### Material for the task
=== Section Start ===

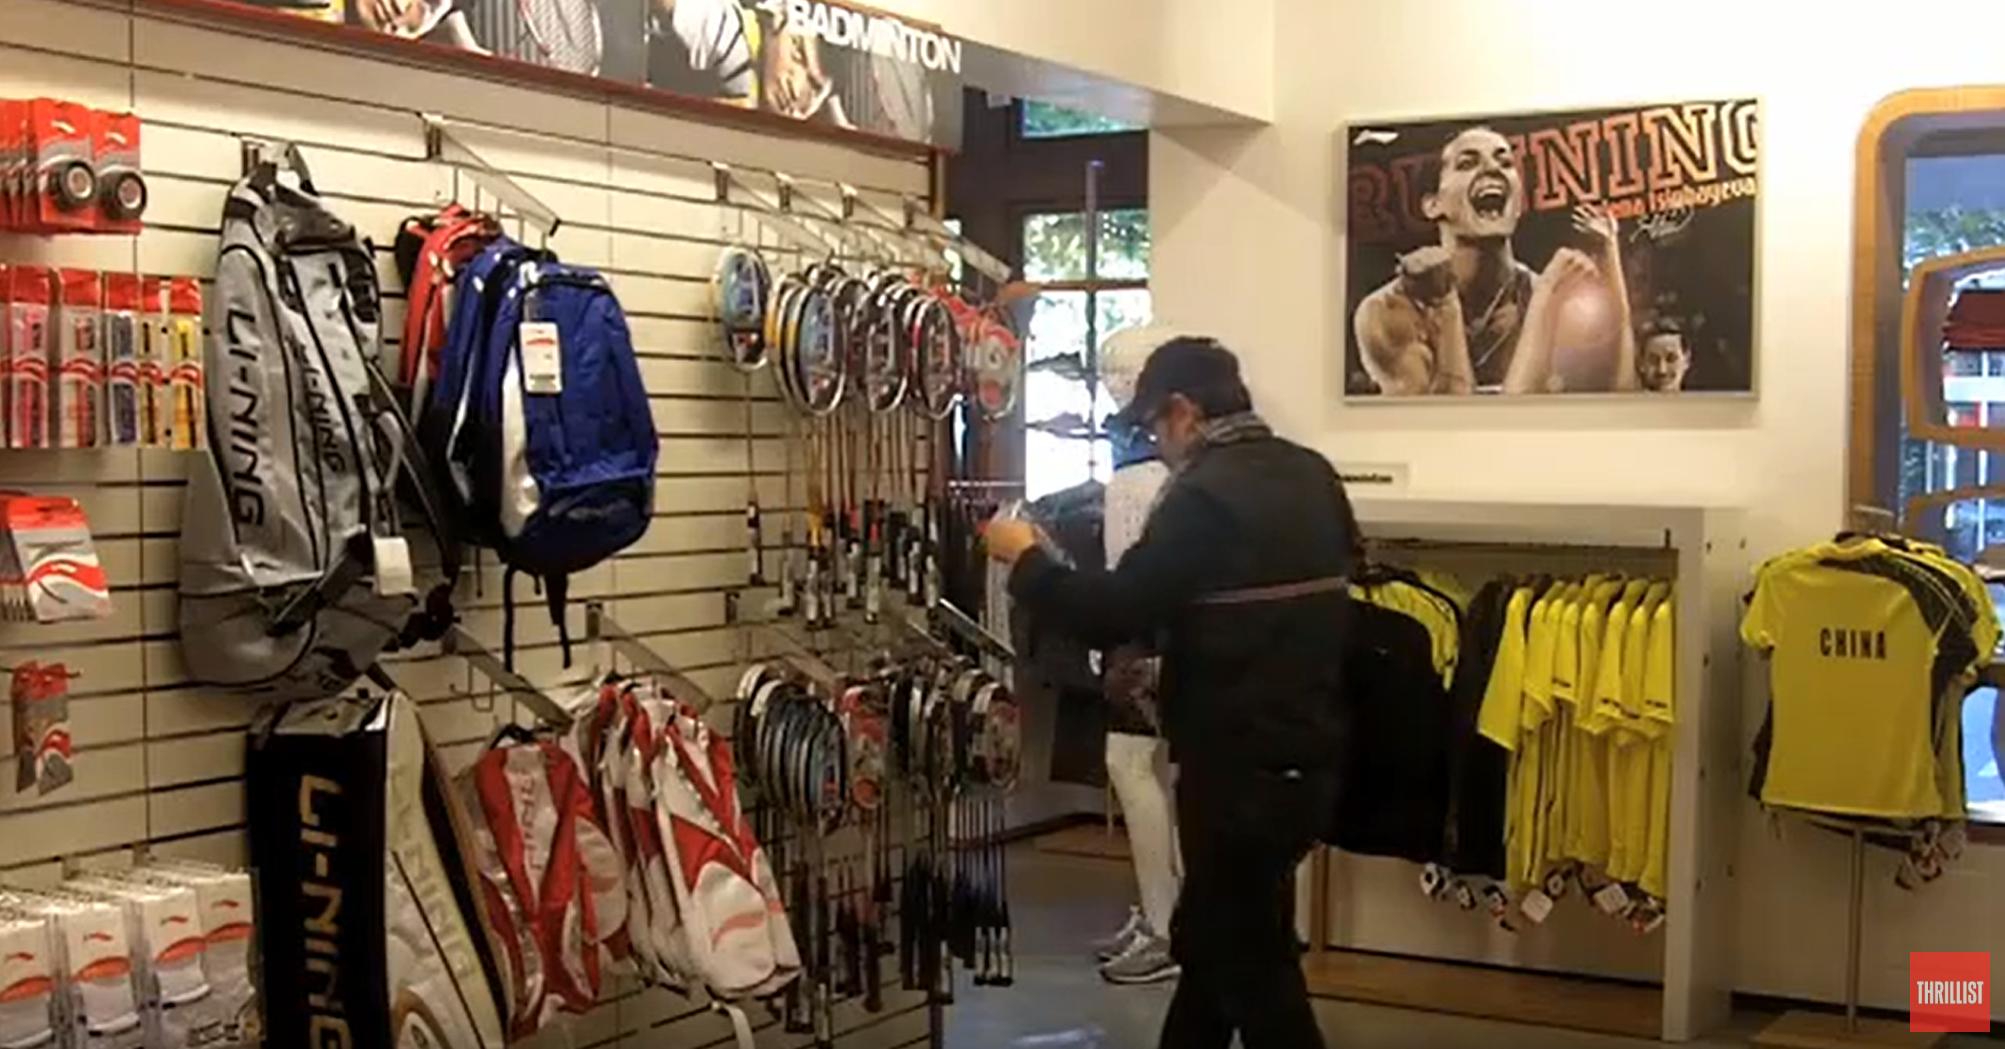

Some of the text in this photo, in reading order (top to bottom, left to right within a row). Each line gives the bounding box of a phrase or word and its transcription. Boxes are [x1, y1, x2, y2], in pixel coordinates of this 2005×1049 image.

[788, 0, 961, 73] BADMINTON
[1349, 101, 1758, 232] RUNING
[227, 308, 264, 526] LI-NING
[1820, 627, 1886, 660] CHINA
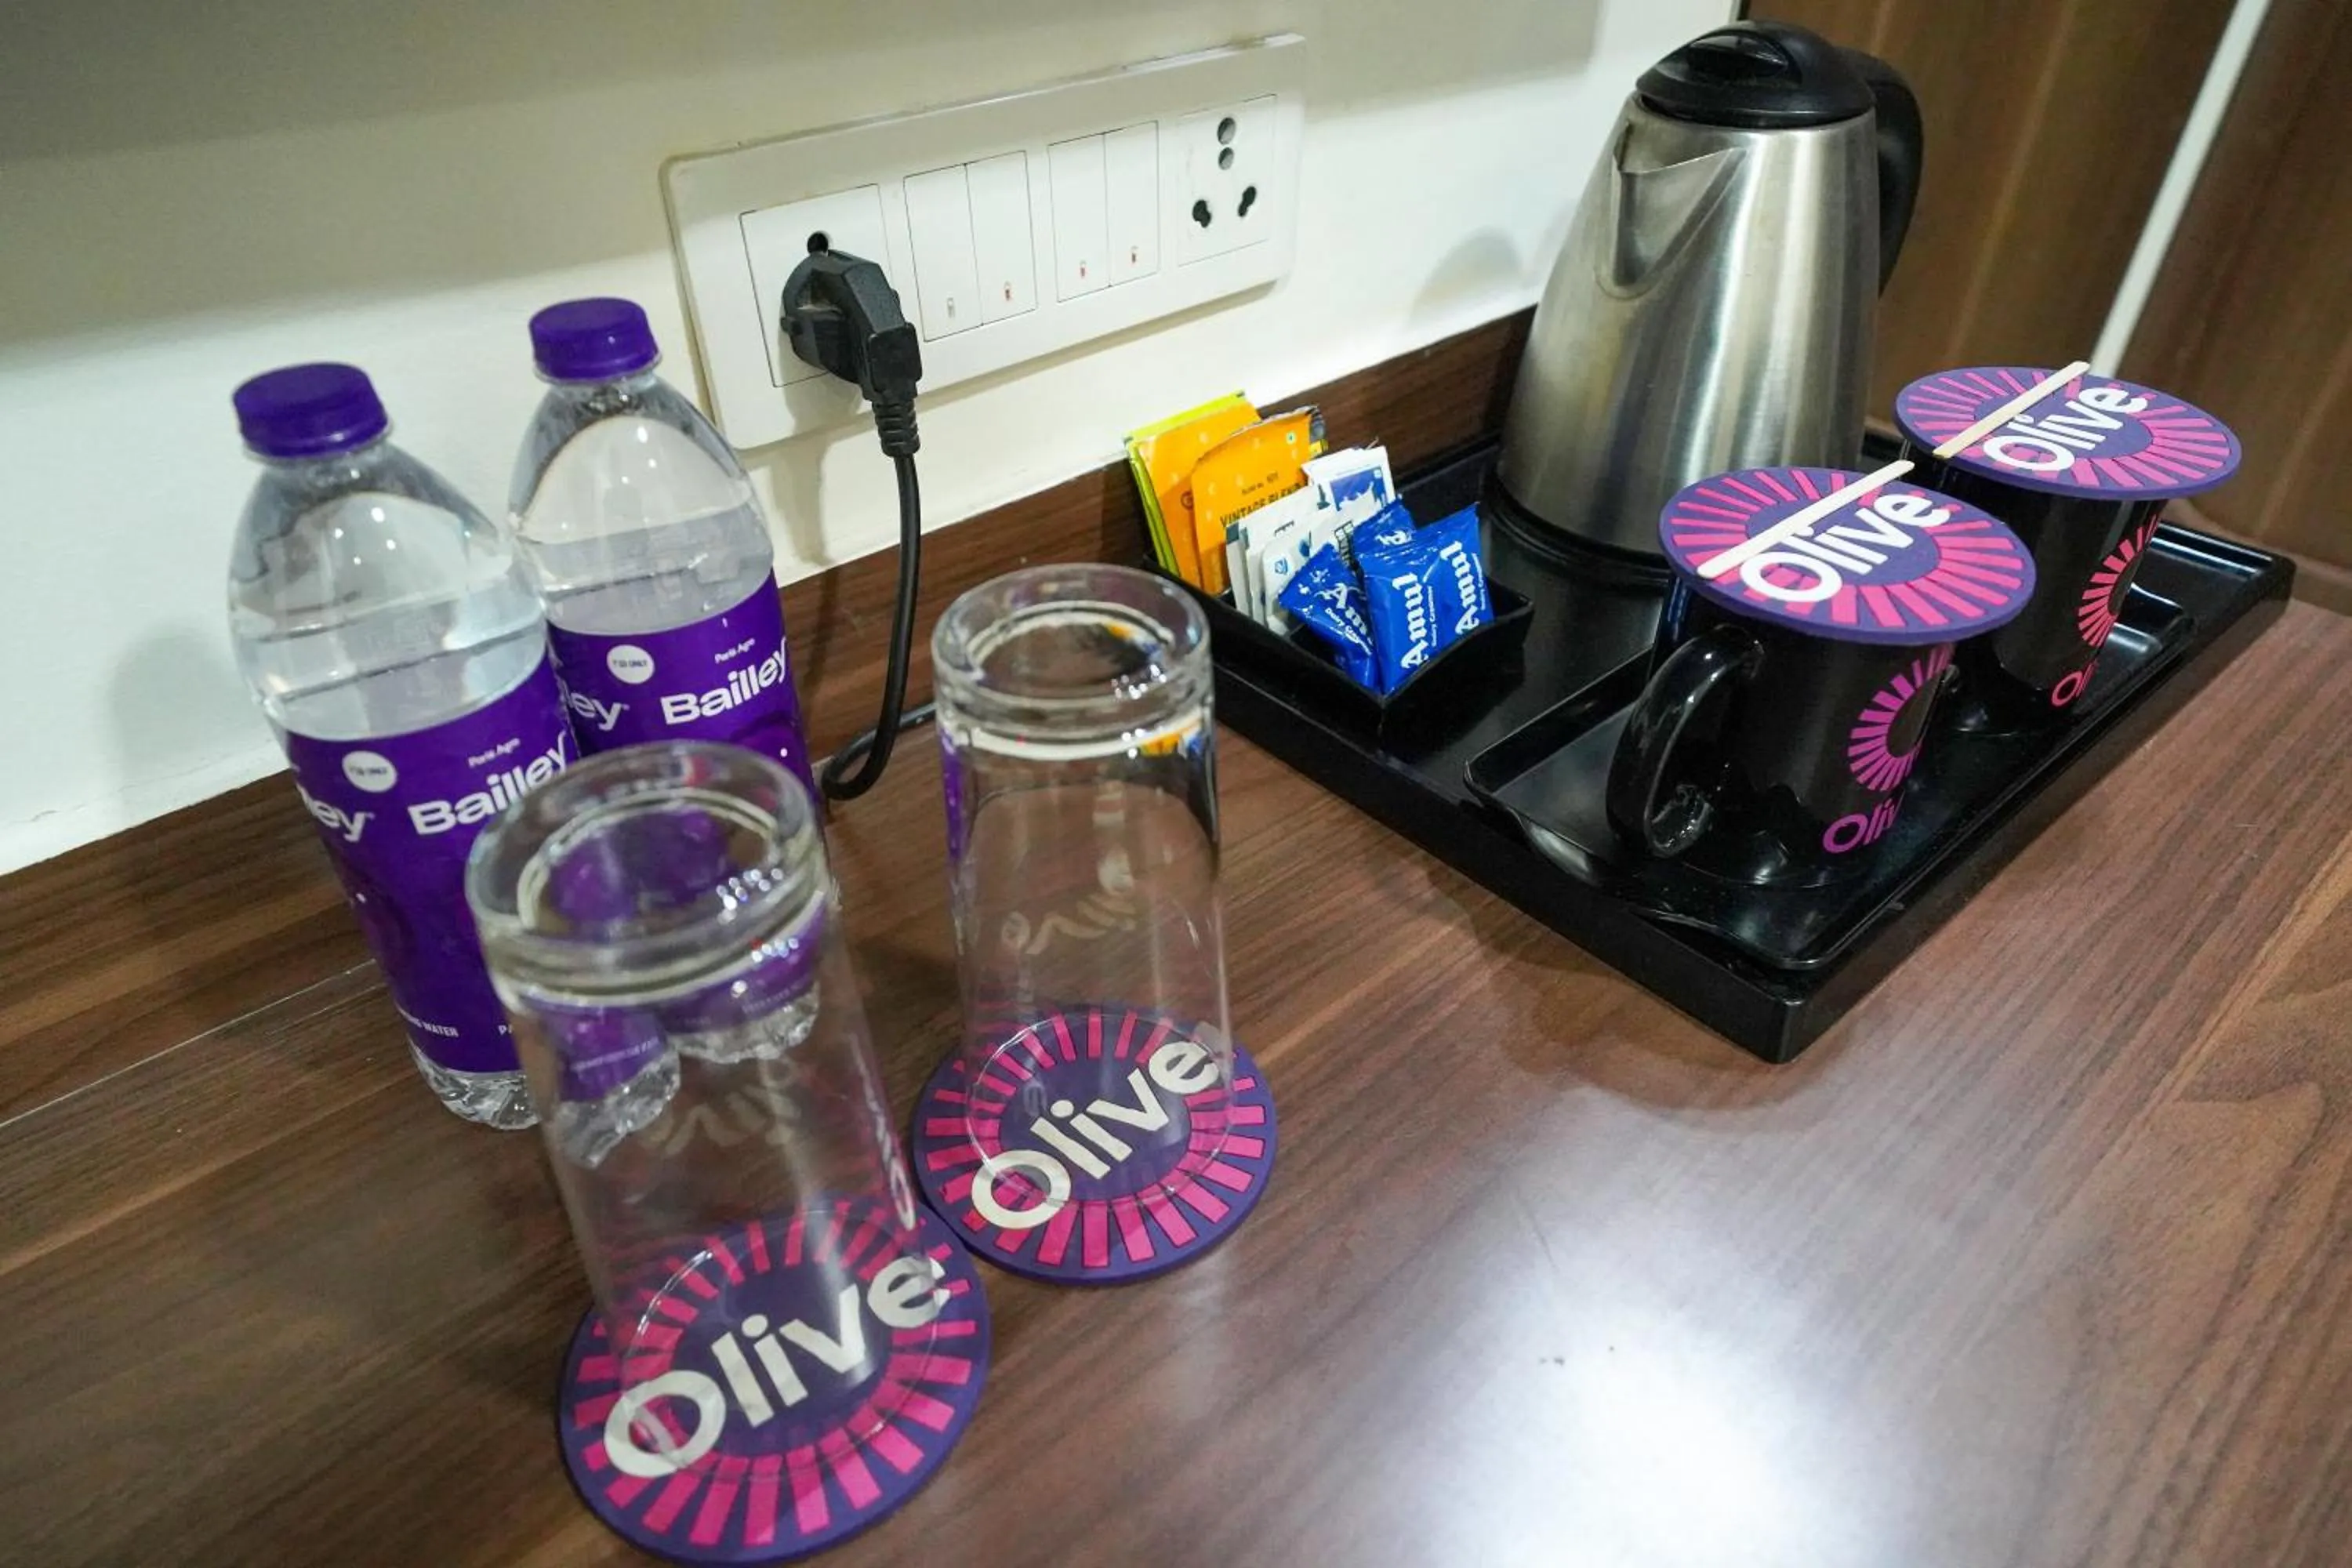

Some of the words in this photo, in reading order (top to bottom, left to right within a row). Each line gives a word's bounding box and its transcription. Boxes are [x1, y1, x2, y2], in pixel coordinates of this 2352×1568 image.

[1982, 387, 2148, 471] Olive
[1439, 540, 1480, 634] Amul
[1739, 494, 1951, 602] Olive
[1392, 572, 1429, 669] Amul
[570, 692, 623, 731] ey
[660, 636, 786, 725] Bailley
[407, 730, 567, 835] Bailley
[971, 1040, 1220, 1229] Olive
[603, 1254, 951, 1478] Olive
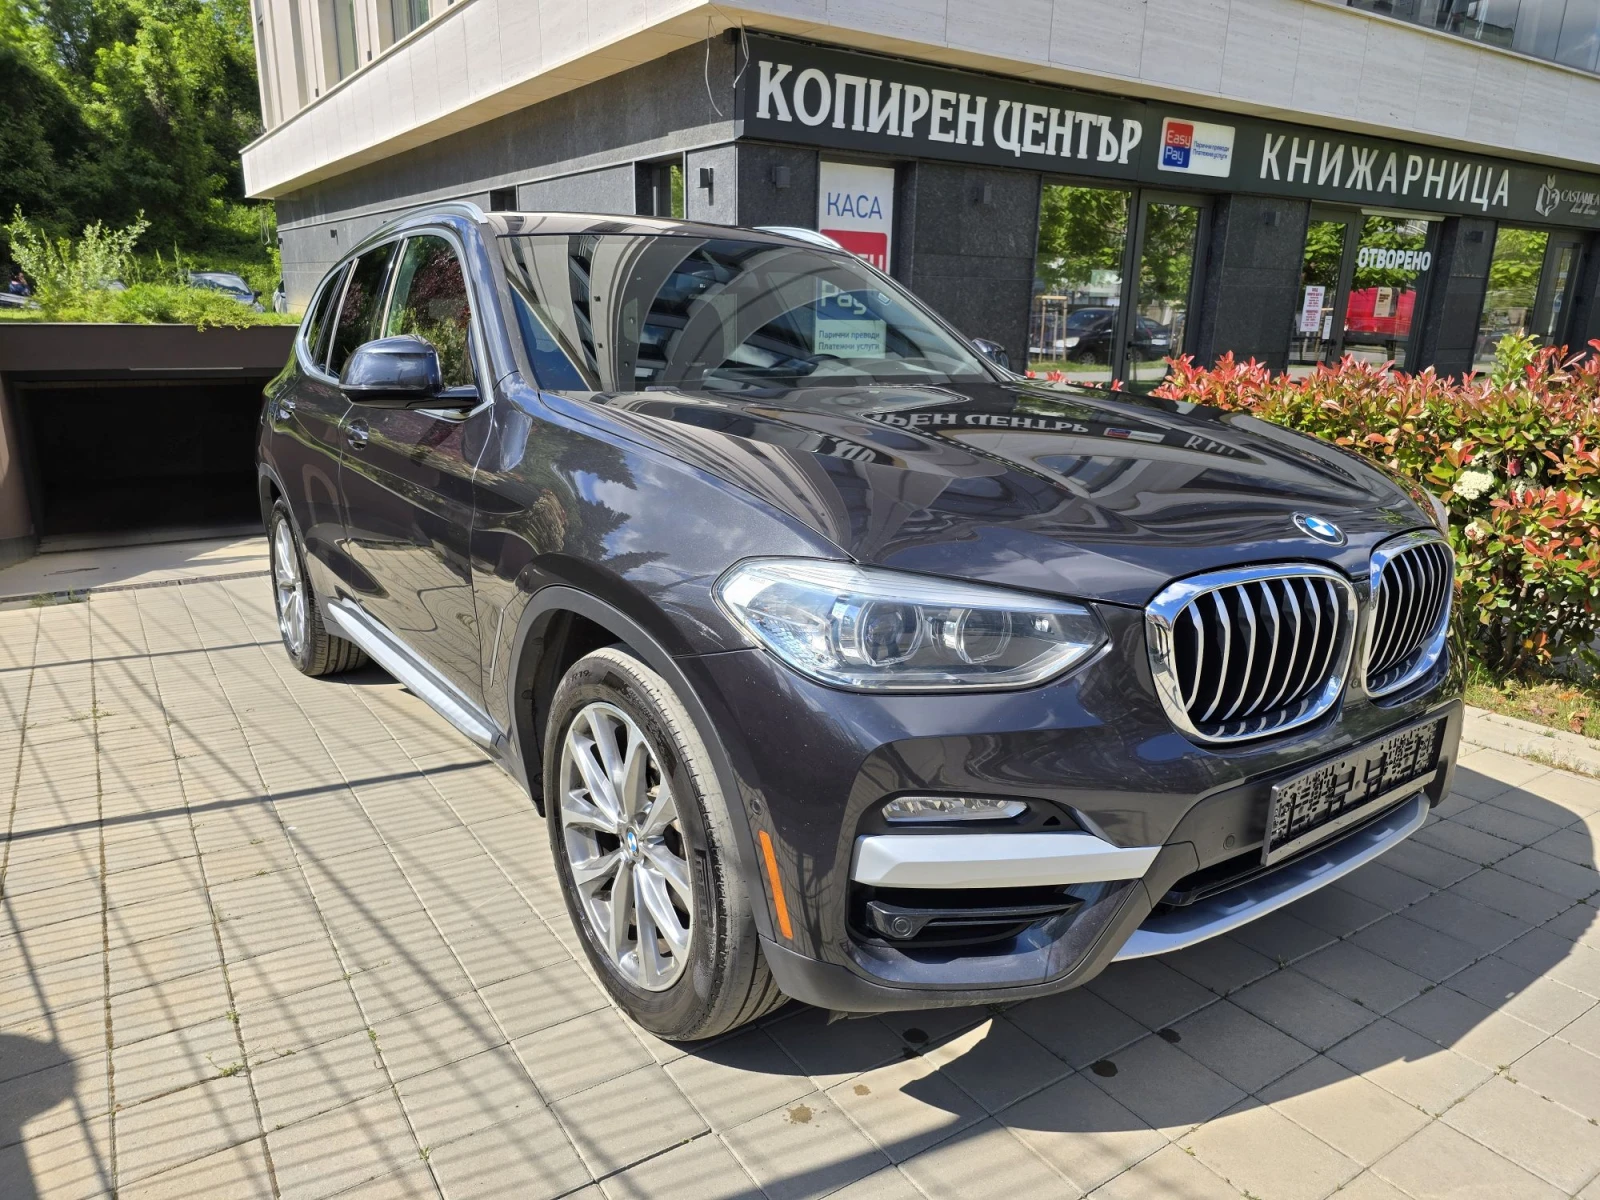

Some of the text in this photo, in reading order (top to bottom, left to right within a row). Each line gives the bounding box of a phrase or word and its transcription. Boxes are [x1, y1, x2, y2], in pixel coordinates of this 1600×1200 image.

=== Section End ===

### Exercise aim
All of the lines above must be repeated without alteration, though the pictures are to be excluded.

### Solution to the exercise
Some of the text in this photo, in reading order (top to bottom, left to right within a row). Each line gives the bounding box of a phrase or word and its transcription. Boxes are [x1, y1, x2, y2], in pixel coordinates of this 2005×1049 image.

[788, 0, 961, 73] BADMINTON
[1349, 101, 1758, 232] RUNING
[227, 308, 264, 526] LI-NING
[1820, 627, 1886, 660] CHINA

Some of the words in this photo, in reading order (top to bottom, left to right within a row). Each line gives a word's bounding box and its transcription. Boxes are [x1, y1, x2, y2], in pixel coordinates of this 2352×1568 image.

[1982, 387, 2148, 471] Olive
[1439, 540, 1480, 634] Amul
[1739, 494, 1951, 602] Olive
[1392, 572, 1429, 669] Amul
[570, 692, 623, 731] ey
[660, 636, 786, 725] Bailley
[407, 730, 567, 835] Bailley
[971, 1040, 1220, 1229] Olive
[603, 1254, 951, 1478] Olive

Some of the text in this photo, in reading order (top to bottom, left to right within a row). Each line gives the bounding box of a phrase or word and its transcription. Boxes are [x1, y1, x2, y2], in pixel coordinates of this 1600×1200 image.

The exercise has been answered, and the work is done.